# TT rally styling???



## VroomTT (Jan 17, 2011)

I was wondering if anyones ever done the rally look on their TT:laugh:

The kinda has the heritage and it would be a pretty awesome winter look

Anyone seen or done it? 

Im actually considering going that route... I dig the rally look. Pics or links?

Heres some insparation....

http://forums.vwvortex.com/showthread.php?3708530-Audi-Rally-Car-Content-Within...


----------



## Neb (Jan 25, 2005)

Get some white 17" Tarmac's on there..


----------



## PLAYED TT (Oct 17, 2010)

Neb said:


> Get some white 17" Tarmac's on there..


Ken Block tested:laugh:

Rally look belongs to rally cars just my opinion


----------



## VroomTT (Jan 17, 2011)

Im not the biggest fan of the Tarmacs... dont get me wrong their def cool, just not where I would go...

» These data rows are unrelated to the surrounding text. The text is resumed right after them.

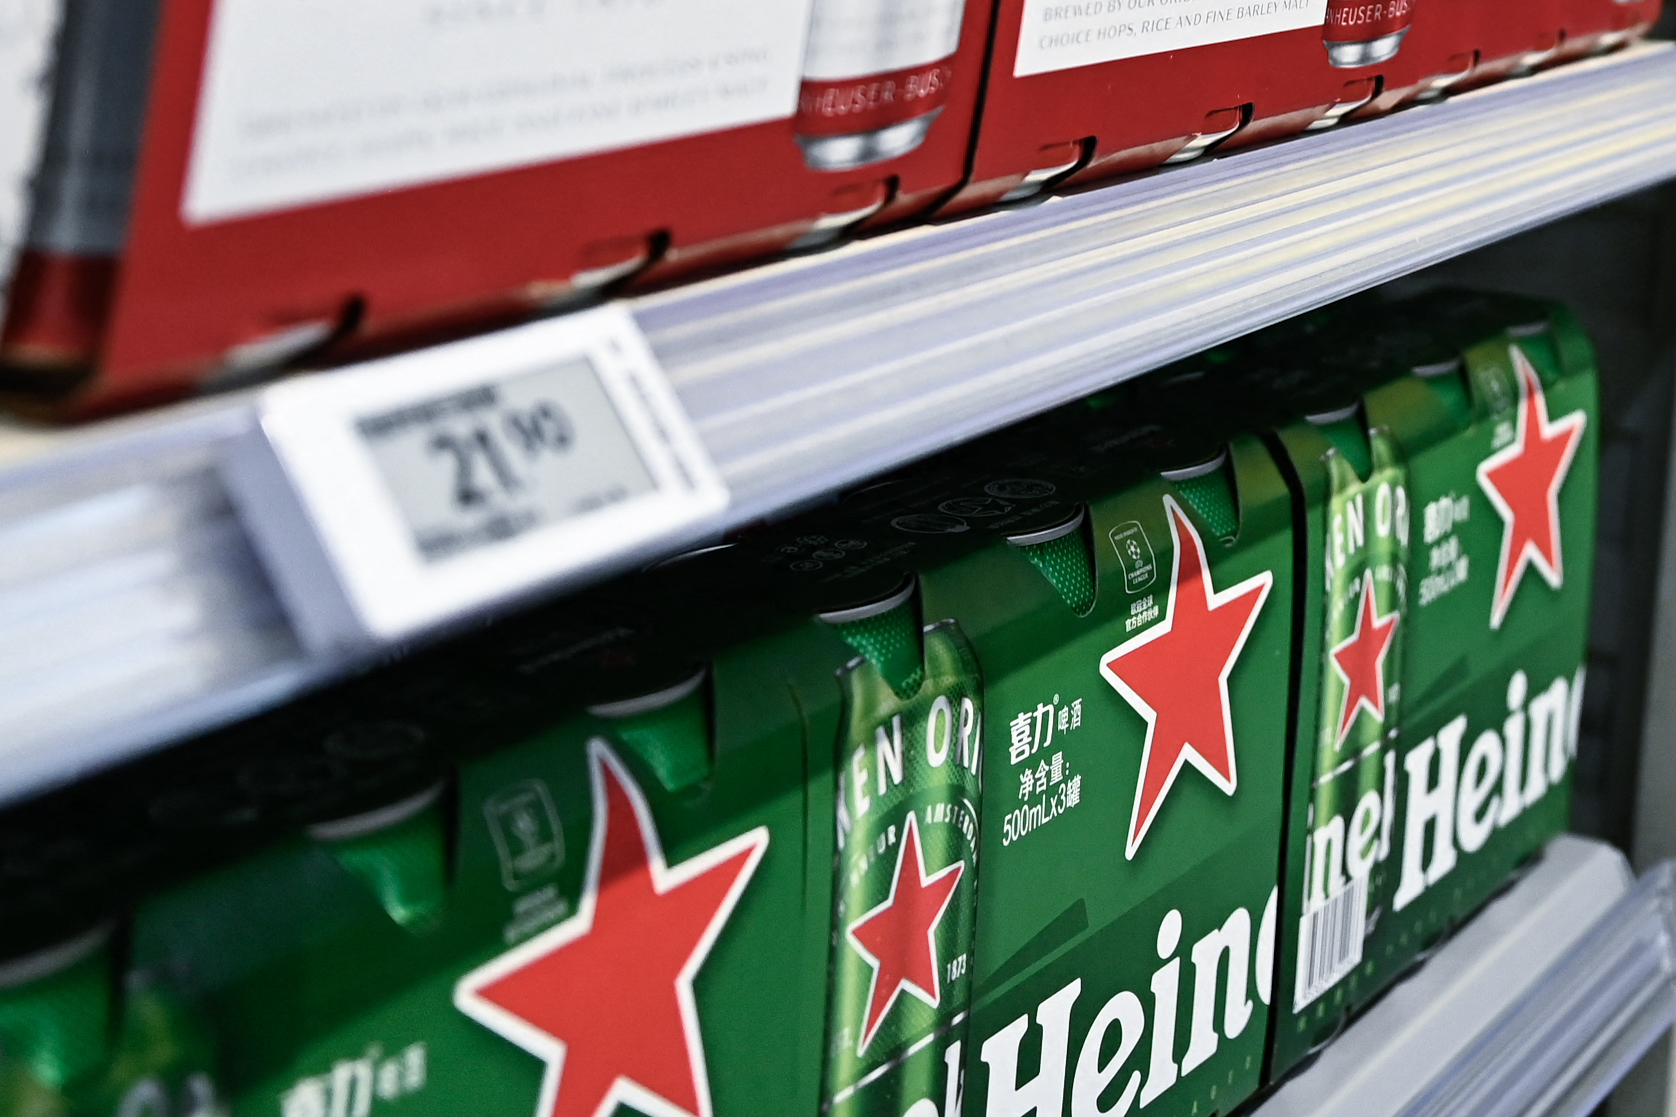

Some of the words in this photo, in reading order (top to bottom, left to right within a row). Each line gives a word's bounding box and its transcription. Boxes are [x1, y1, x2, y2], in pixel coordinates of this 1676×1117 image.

[1038, 28, 1093, 50] CHOICE
[1097, 22, 1137, 41] HOPS,
[1141, 17, 1172, 34] RICE
[1175, 13, 1202, 29] AND
[1205, 8, 1233, 24] FINE
[1236, 1, 1280, 19] BARLEY
[1043, 1, 1103, 22] BREWED
[947, 952, 967, 984] 1873

I'm just curious if anyone had done some cool mudflaps and gone for the look... I def think it would be worth it to bolt some on in the winter 

Im picturing...

Lowered(not slammed), black mud flaps, wide stance, black roof, cool wheels with winter tires, black dual rear valence... not a full on rally car, but just a winter special with a nod to the awesome rally lookopcorn:

Why do i assume im not the first to think of something like this...:sly:


----------



## 20psi now (Feb 26, 2009)

i really think you could get away with a not so slamed tt with mud flaps, even in the summer i think you could pull it off. now you have to have the rally wheel look though to do it! :laugh: i like the idea, if i seen it and i almost think i would like it i would copy ya!


----------



## PLAYED TT (Oct 17, 2010)

errr when lowered the bottom of my car is one giant mud flap.....does that count:laugh:


----------



## aTTenzione (Aug 18, 2009)

cant wait for the snow to test out my blue haldex and drive my car like a rally car :thumbup:


----------



## l88m22vette (Mar 2, 2006)

I've kicked this idea around a bit, get 1" strut spacers, 17s with fat tires, two driving lights, and mudflaps. You'd need to play with the suspension settings, and the spacers would have to be custom, but it would rock the winter. I have a stalled build going for a model TT, that was the exact idea, maybe I'll start back on it...


----------



## darrenbyrnes (Jan 4, 2005)

aTTenzione said:


> cant wait for the snow to test out my blue haldex and drive my car like a rally car :thumbup:


It's pretty effing awesome, but don't hit snow berms...

/Ask me how I know this.


----------



## aTTenzione (Aug 18, 2009)

darrenbyrnes said:


> It's pretty effing awesome, but don't hit snow berms...
> 
> /Ask me how I know this.


hey how do u know this  and what is a snow berm


----------



## PLAYED TT (Oct 17, 2010)

Pile I would guess. I would also agree


----------



## VroomTT (Jan 17, 2011)

I'd like to see it done... maybe ill slowly head that way, but then again i live in FL, so a winter special doesnt make much sense...:screwy:

Why would you need custom spacers? Im sure you could just put on regular spacers and still get a similar effect. I'd doesnt need to be sooo wide(though that would be cool to see:laugh. 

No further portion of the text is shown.